Newcastle is a world-leading centre for the study and treatment of rare diseases and is home to the Newcastle Centre of Research Excellence for Rare Disease (NUCoRE RD), which unites almost 100 experts from across Newcastle University and Newcastle Hospitals – working collaboratively to improve the lives of people living with a rare disease.
The NIHR Newcastle BRC’s research theme in neuromuscular disease, rare diseases and mitochondrial dysfunction sits at the heart of this world-class environment.
Our research theme is led by Professor Volker Straub, director of the John Walton Muscular Dystrophy Research Centre (JWMDRC) and Professor Grainne Gorman, director of the Wellcome Centre for Mitochondrial Research.
The Wellcome Centre for Mitochondrial Research carries out a huge breadth of research to address questions regarding mitochondrial disease and dysfunction. Their aim is to transform the promise of scientific advances into revolutionary treatments that restore mitochondrial health.
The John Walton Muscular Dystrophy Research Centre (JWMDRC) works towards the development and application of genomic and translational medicine to improve the health outcomes of people living with neuromuscular diseases.

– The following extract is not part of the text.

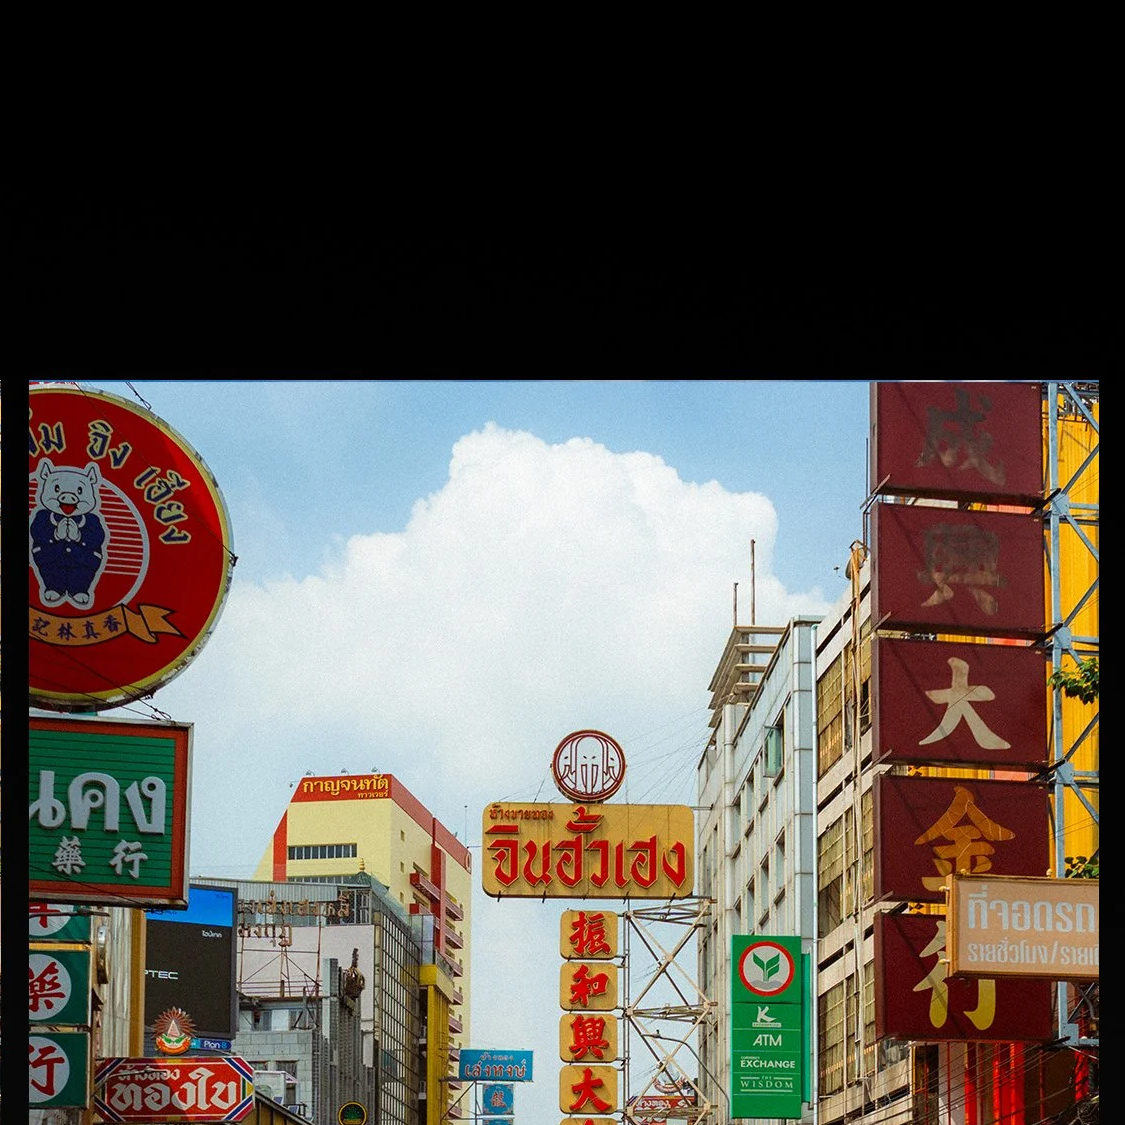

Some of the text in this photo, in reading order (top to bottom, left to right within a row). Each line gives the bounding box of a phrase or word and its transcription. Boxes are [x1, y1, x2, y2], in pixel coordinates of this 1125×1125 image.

Duchenne muscular dystrophy (DMD) is a rare, genetic muscle-wasting disease, which affects around 2,500 patients in the UK and 300,000 worldwide.
There is no cure for DMD, which is mostly diagnosed in boys and sadly limits life expectancy. Effective drug treatments are essential to improve quality of life.
Through support from the Newcastle BRC and similar partners, the John Walton Muscular Dystrophy Centre is part of a network of DMD hub sites, set up by Duchenne UK, to support the delivery of clinical trials.
It is one of only two sites in the country which has centre of excellence status and has a world-renowned reputation.
Previously, clinical trials and studies were often turned away from the UK due to lack of capacity. Since the DMD Hub’s launch, hundreds of boys are now taking part in research across the UK.
Last year, the first boy in the UK was treated in a gene therapy clinical trial at Newcastle. Four-year-old Charlie from Aberdeen, whose nearest trial centre is 150 miles away in Glasgow, was able to take part in the trial by using the DMD Hub’s central recruitment database.
The founders of Duchenne UK, the UK’s leading DMD charity, said:
“The collaboration between NIHR Newcastle BRC, JWMDRC and Duchenne UK has fundamentally changed the landscape for DMD clinical trials in the UK, offering hope to thousands of patients. We are grateful for the support of the BRC and look forward to continuing our collaboration with them in the future.”